Has average home attendance changed since the lockout?  In our book, The Wages of Wins, we analyze season attendance in the NFL, NBA, NHL and MLB with and without player strikes/ owner lockouts and conclude using intervention analysis that strikes or lockouts do not have a significant difference in attendance for each of those four US sports leagues.  About two years ago I blogged about NBA attendance right after the lockout and also concluded that average home attendance was not different during the lockout year as opposed to average home attendance before the lockout.

Now that we have two more years of attendance data, I thought that I would return to this topic of NBA average home attendance again.  To do so I am analyzing the two seasons before the lockout, the lockout season and the two seasons after the lockout.  As I did in the blog linked in the paragraph above, I will use a t test (assuming unequal variance) on the data that I collected from ESPN's NBA attendance webpage.  As a reminder, I will be analyzing average NBA home attendance since the lockout and non-lockout seasons have different total games played and thus different total attendance.  I am not interested in whether total attendance is different, but whether fans are going at different rates when the games are played.  For those interested in total team attendance, I have included this at the end of this blog.

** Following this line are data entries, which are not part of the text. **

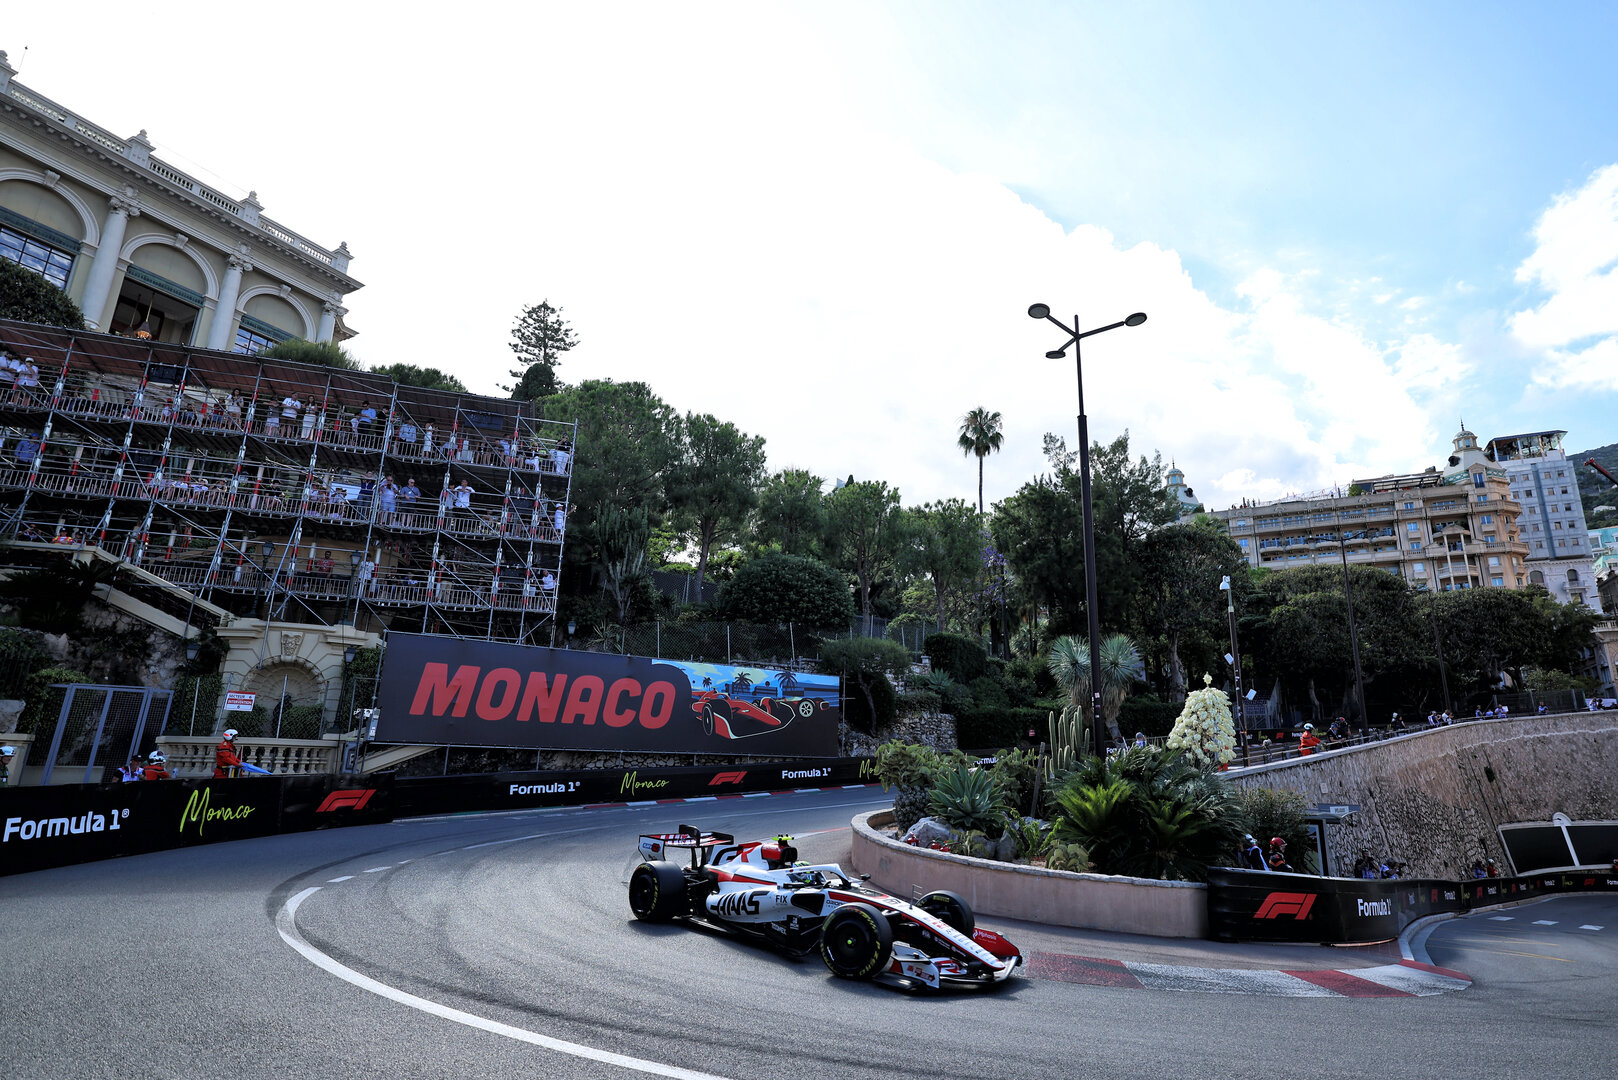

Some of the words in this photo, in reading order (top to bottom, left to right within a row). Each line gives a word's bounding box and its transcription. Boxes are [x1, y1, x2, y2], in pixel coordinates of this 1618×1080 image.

[409, 662, 676, 730] MONACO
[620, 771, 669, 796] Monaco
[782, 768, 820, 779] Formula
[509, 782, 566, 795] Formula
[179, 787, 256, 836] Monaco
[3, 811, 105, 842] Formula
[709, 890, 770, 916] HAAS
[775, 894, 788, 904] FIX
[1357, 898, 1387, 917] Formula
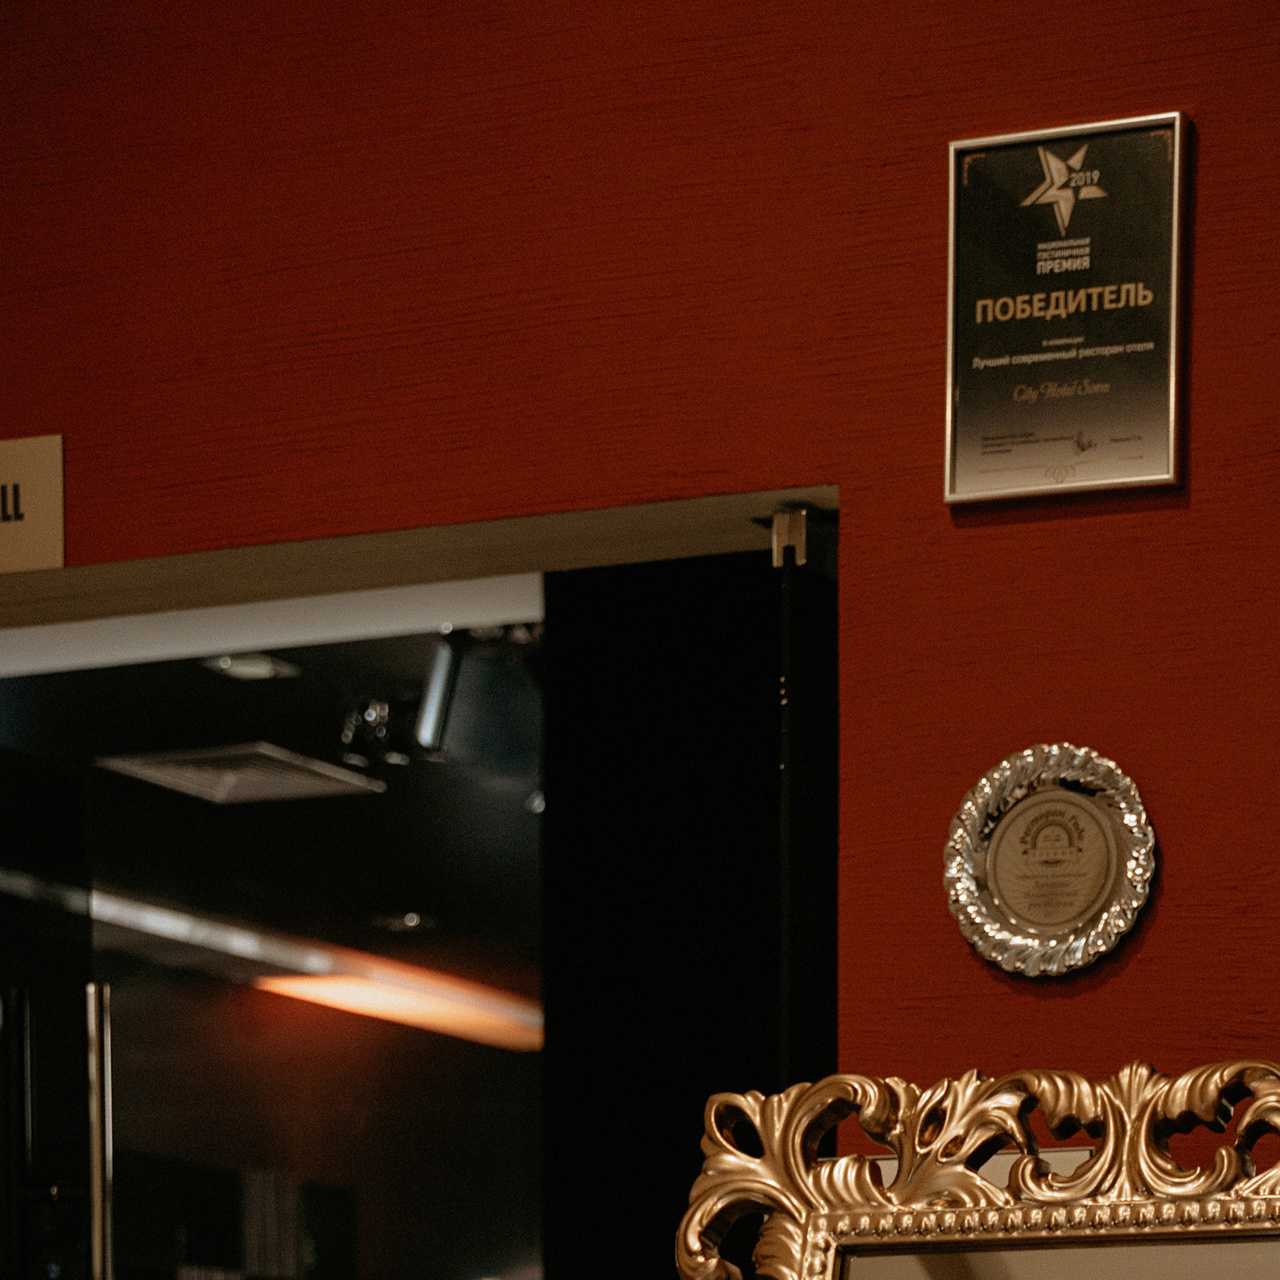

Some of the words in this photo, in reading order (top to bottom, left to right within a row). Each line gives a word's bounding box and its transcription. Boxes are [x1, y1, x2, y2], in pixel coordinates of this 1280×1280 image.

Running the numbers results in the same conclusion:  average NBA home attendance is not statistically different in either post lockout season compared to average NBA home attendance of the lockout year.  Statistically average NBA attendance is not different when comparing the lockout year to the two seasons before or after the lockout.

Here is a chart of the average home attendance data since the 2009/2010 NBA season.


In terms of total home attendance, there is a statistically significant difference in the year before the lockout and the lockout season and also comparing the lockout season and the season after using a t test assuming unequal variance.